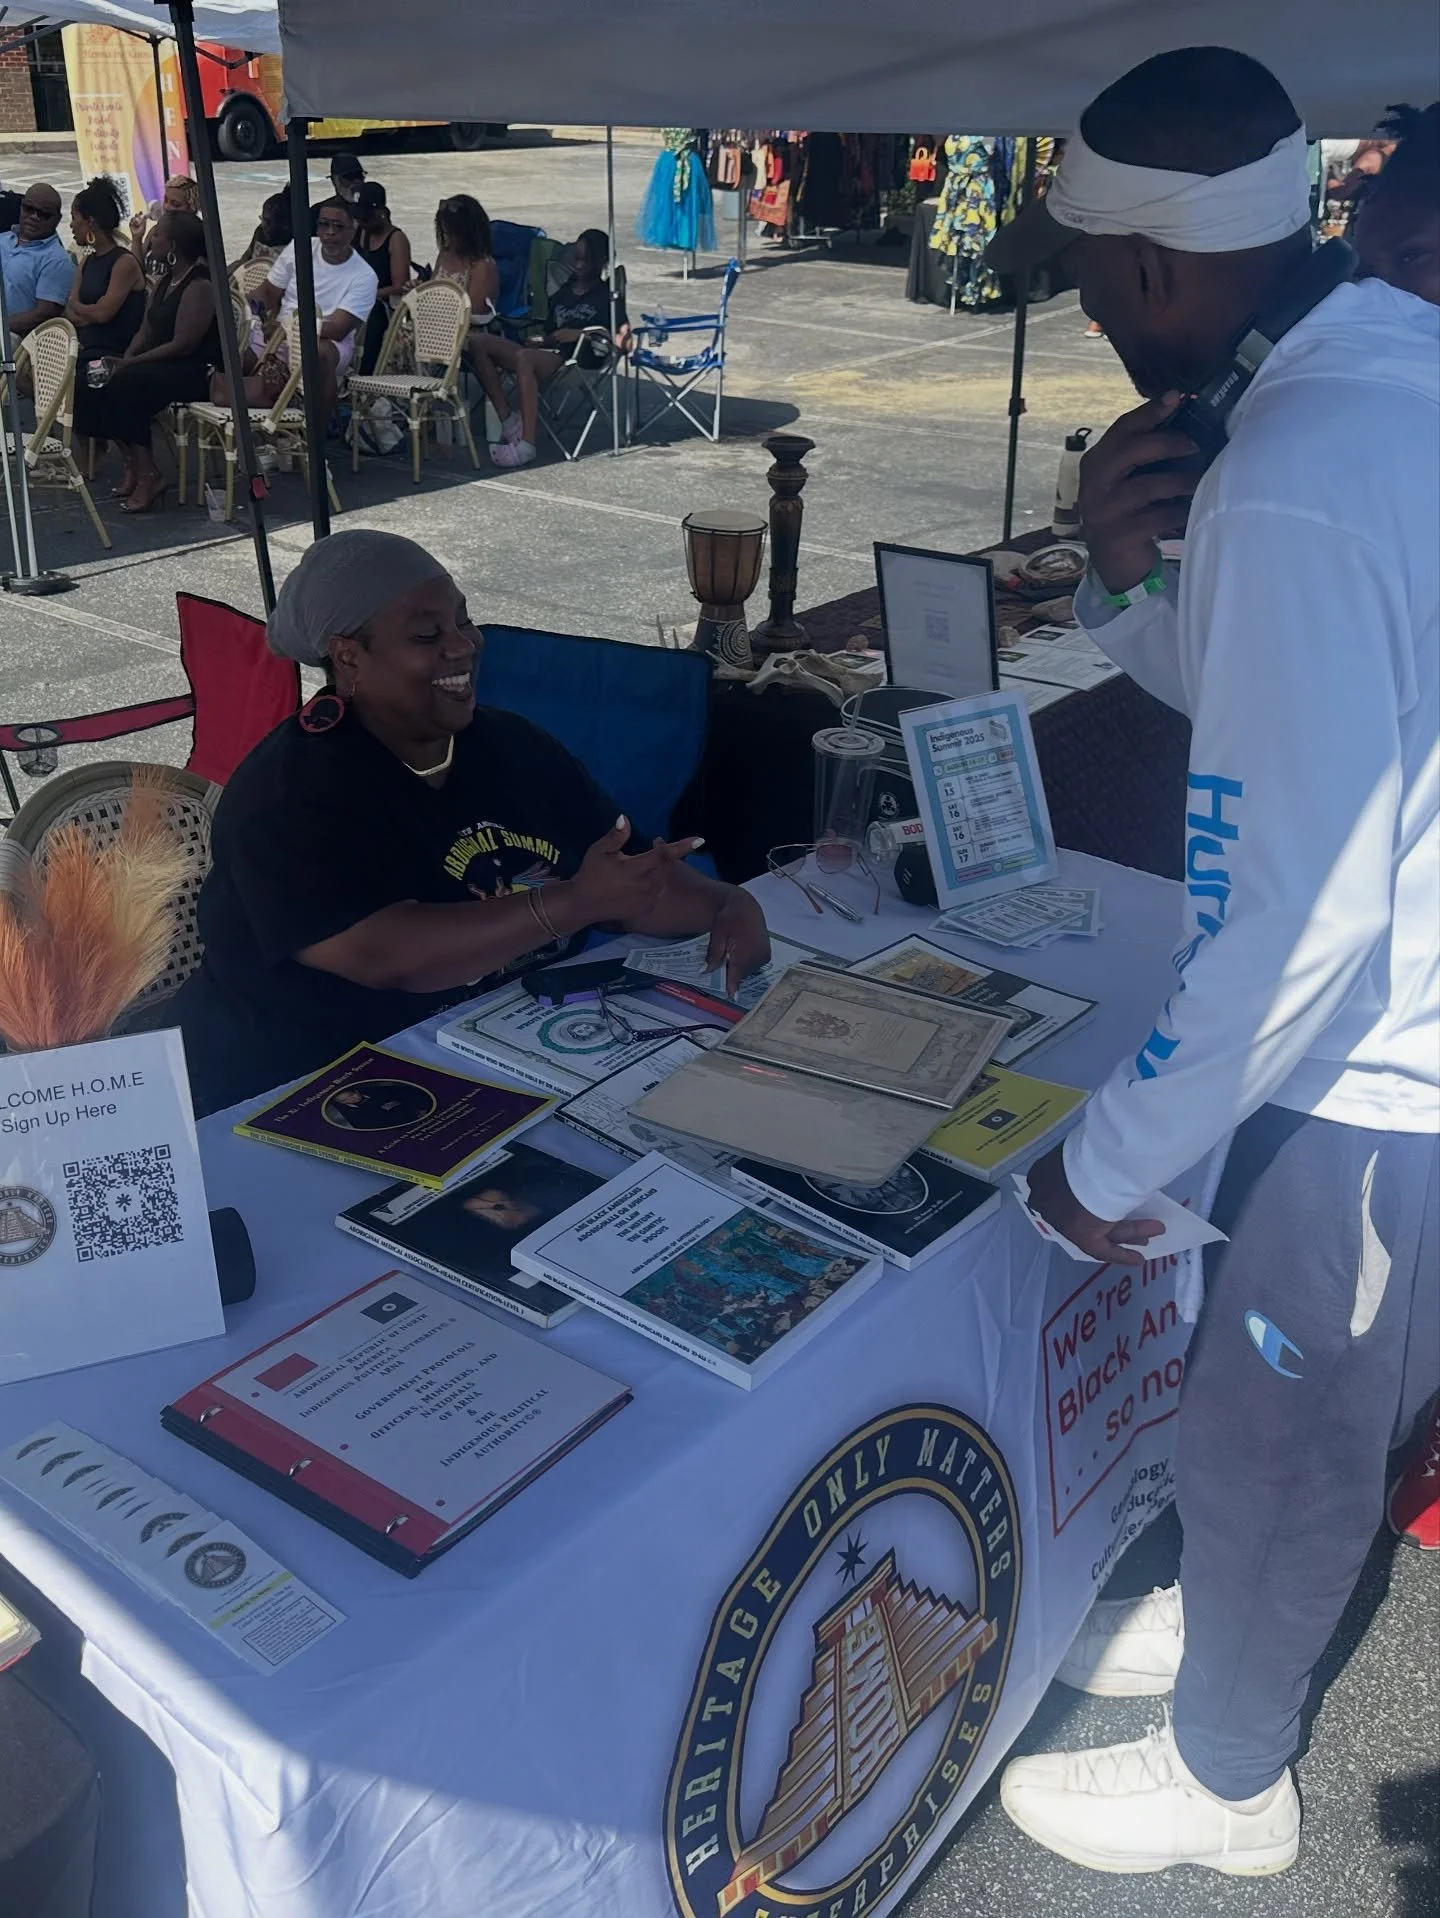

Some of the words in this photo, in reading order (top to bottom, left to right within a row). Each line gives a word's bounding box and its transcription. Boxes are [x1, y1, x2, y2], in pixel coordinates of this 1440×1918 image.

[930, 727, 974, 742] Indigenous
[932, 739, 962, 753] Summit
[964, 733, 985, 746] 2025
[944, 787, 955, 797] 15
[949, 809, 960, 819] 16
[500, 829, 561, 865] SUMMIT
[953, 831, 965, 841] 16
[959, 854, 969, 864] 17
[71, 1072, 144, 1096] H.O.M.E
[2, 1117, 40, 1133] Sign
[46, 1110, 70, 1126] Up
[76, 1103, 117, 1120] Here
[586, 1210, 609, 1225] BLACK
[616, 1228, 631, 1237] THE
[629, 1211, 656, 1229] HISTORY
[628, 1211, 640, 1220] LAW
[640, 1217, 666, 1234] GENETIC
[642, 1226, 669, 1243] PROOFS
[1053, 1273, 1133, 1370] We're
[293, 1361, 347, 1399] ABORIGINAL
[347, 1339, 386, 1364] REPUBLIC
[400, 1313, 428, 1332] NORTH
[353, 1347, 393, 1372] AMERICA
[354, 1375, 423, 1421] GOVERNMENT
[421, 1341, 475, 1376] PROTOCOLS
[379, 1361, 405, 1377] ARNA
[299, 1381, 354, 1418] INDIGENOUS
[354, 1353, 397, 1382] POLITICAL
[370, 1404, 424, 1439] OFFICERS,
[421, 1367, 478, 1403] MINISTERS,
[479, 1352, 499, 1367] AND
[415, 1379, 436, 1395] FOR
[1057, 1335, 1132, 1435] Black
[420, 1382, 475, 1419] NATIONALS
[438, 1409, 453, 1421] OF
[454, 1391, 483, 1412] ARNA
[467, 1408, 478, 1416] &
[439, 1422, 501, 1467] INDIGENOUS
[500, 1388, 549, 1423] POLITICAL
[475, 1411, 497, 1426] THE
[1106, 1394, 1134, 1442] so
[683, 1568, 782, 1877] HERITAGE
[801, 1434, 892, 1540] ONLY
[917, 1427, 1012, 1580] MATTERS
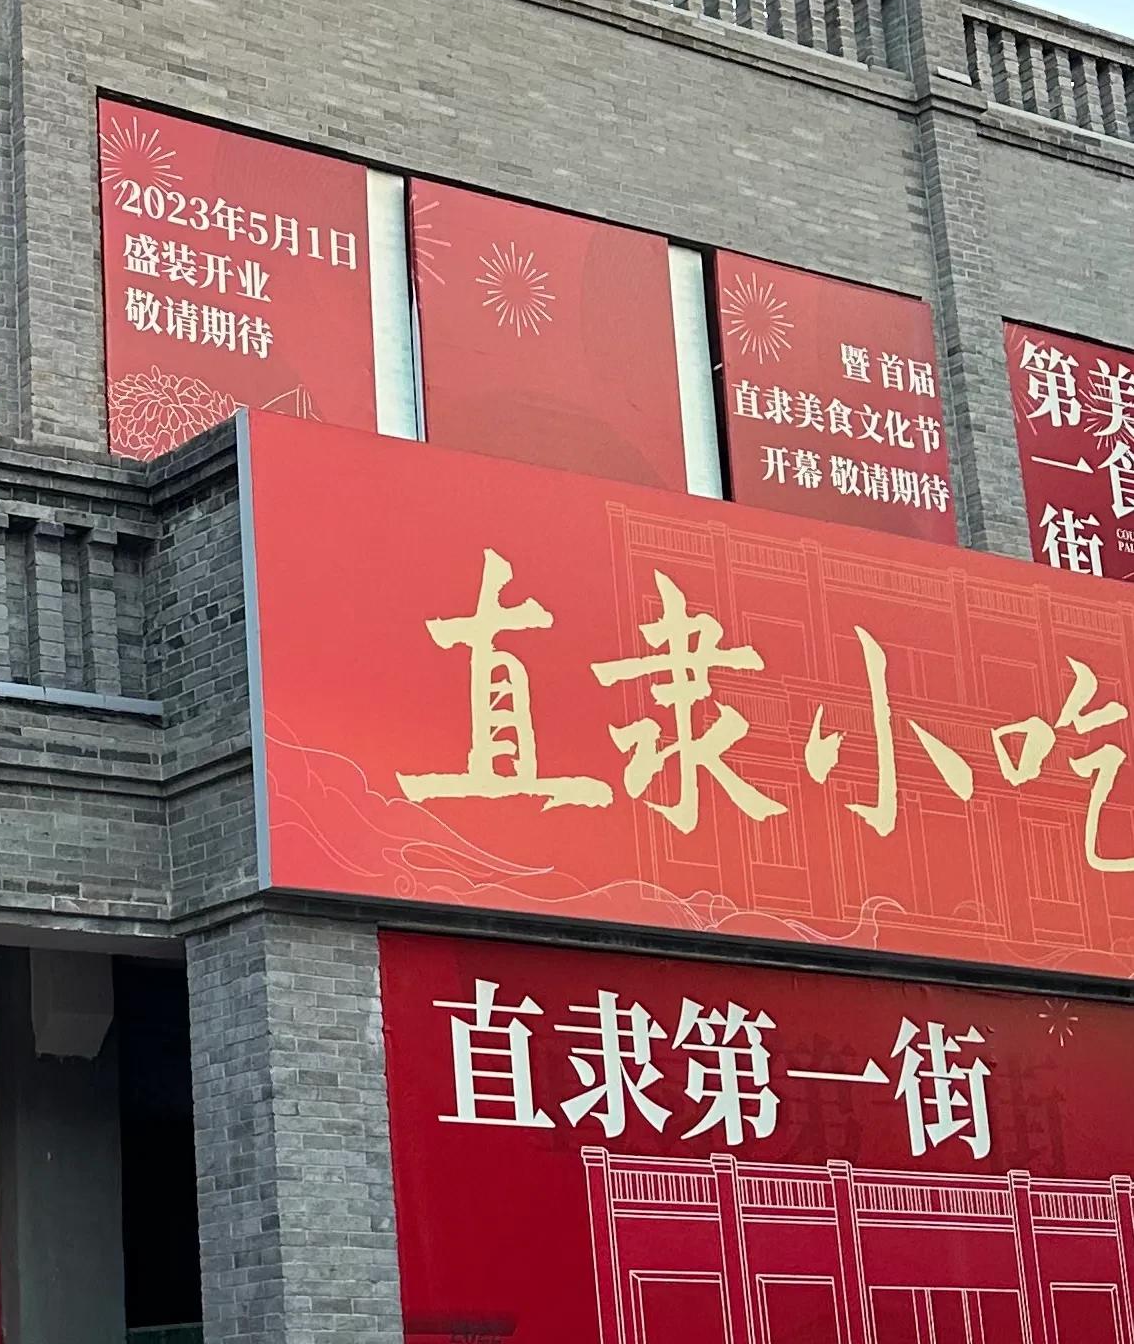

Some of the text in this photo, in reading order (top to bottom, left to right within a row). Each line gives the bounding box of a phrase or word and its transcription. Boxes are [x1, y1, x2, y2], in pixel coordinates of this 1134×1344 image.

[121, 179, 358, 270] 2023年5月1日
[123, 233, 272, 304] 盛装开业
[123, 286, 274, 360] 敬请期待
[840, 343, 937, 398] 暨 首届
[731, 379, 942, 454] 直隶美食文化节
[760, 445, 951, 514] 开幕 敬请期待
[396, 548, 1134, 873] 直隶小吃
[433, 978, 992, 1160] 直隶第一街

· · ·

Your copy should match the entries above exactly and contain no pictures.

Output for this exercise:
Some of the words in this photo, in reading order (top to bottom, left to right within a row). Each line gives a word's bounding box and its transcription. Boxes are [x1, y1, x2, y2], in pixel coordinates of this 1440×1918 image.

[930, 727, 974, 742] Indigenous
[932, 739, 962, 753] Summit
[964, 733, 985, 746] 2025
[944, 787, 955, 797] 15
[949, 809, 960, 819] 16
[500, 829, 561, 865] SUMMIT
[953, 831, 965, 841] 16
[959, 854, 969, 864] 17
[71, 1072, 144, 1096] H.O.M.E
[2, 1117, 40, 1133] Sign
[46, 1110, 70, 1126] Up
[76, 1103, 117, 1120] Here
[586, 1210, 609, 1225] BLACK
[616, 1228, 631, 1237] THE
[629, 1211, 656, 1229] HISTORY
[628, 1211, 640, 1220] LAW
[640, 1217, 666, 1234] GENETIC
[642, 1226, 669, 1243] PROOFS
[1053, 1273, 1133, 1370] We're
[293, 1361, 347, 1399] ABORIGINAL
[347, 1339, 386, 1364] REPUBLIC
[400, 1313, 428, 1332] NORTH
[353, 1347, 393, 1372] AMERICA
[354, 1375, 423, 1421] GOVERNMENT
[421, 1341, 475, 1376] PROTOCOLS
[379, 1361, 405, 1377] ARNA
[299, 1381, 354, 1418] INDIGENOUS
[354, 1353, 397, 1382] POLITICAL
[370, 1404, 424, 1439] OFFICERS,
[421, 1367, 478, 1403] MINISTERS,
[479, 1352, 499, 1367] AND
[415, 1379, 436, 1395] FOR
[1057, 1335, 1132, 1435] Black
[420, 1382, 475, 1419] NATIONALS
[438, 1409, 453, 1421] OF
[454, 1391, 483, 1412] ARNA
[467, 1408, 478, 1416] &
[439, 1422, 501, 1467] INDIGENOUS
[500, 1388, 549, 1423] POLITICAL
[475, 1411, 497, 1426] THE
[1106, 1394, 1134, 1442] so
[683, 1568, 782, 1877] HERITAGE
[801, 1434, 892, 1540] ONLY
[917, 1427, 1012, 1580] MATTERS

Some of the text in this photo, in reading order (top to bottom, left to right within a row). Each line gives the bounding box of a phrase or word and its transcription. Boxes are [x1, y1, x2, y2], in pixel coordinates of this 1134×1344 image.

[121, 179, 358, 270] 2023年5月1日
[123, 233, 272, 304] 盛装开业
[123, 286, 274, 360] 敬请期待
[840, 343, 937, 398] 暨 首届
[731, 379, 942, 454] 直隶美食文化节
[760, 445, 951, 514] 开幕 敬请期待
[396, 548, 1134, 873] 直隶小吃
[433, 978, 992, 1160] 直隶第一街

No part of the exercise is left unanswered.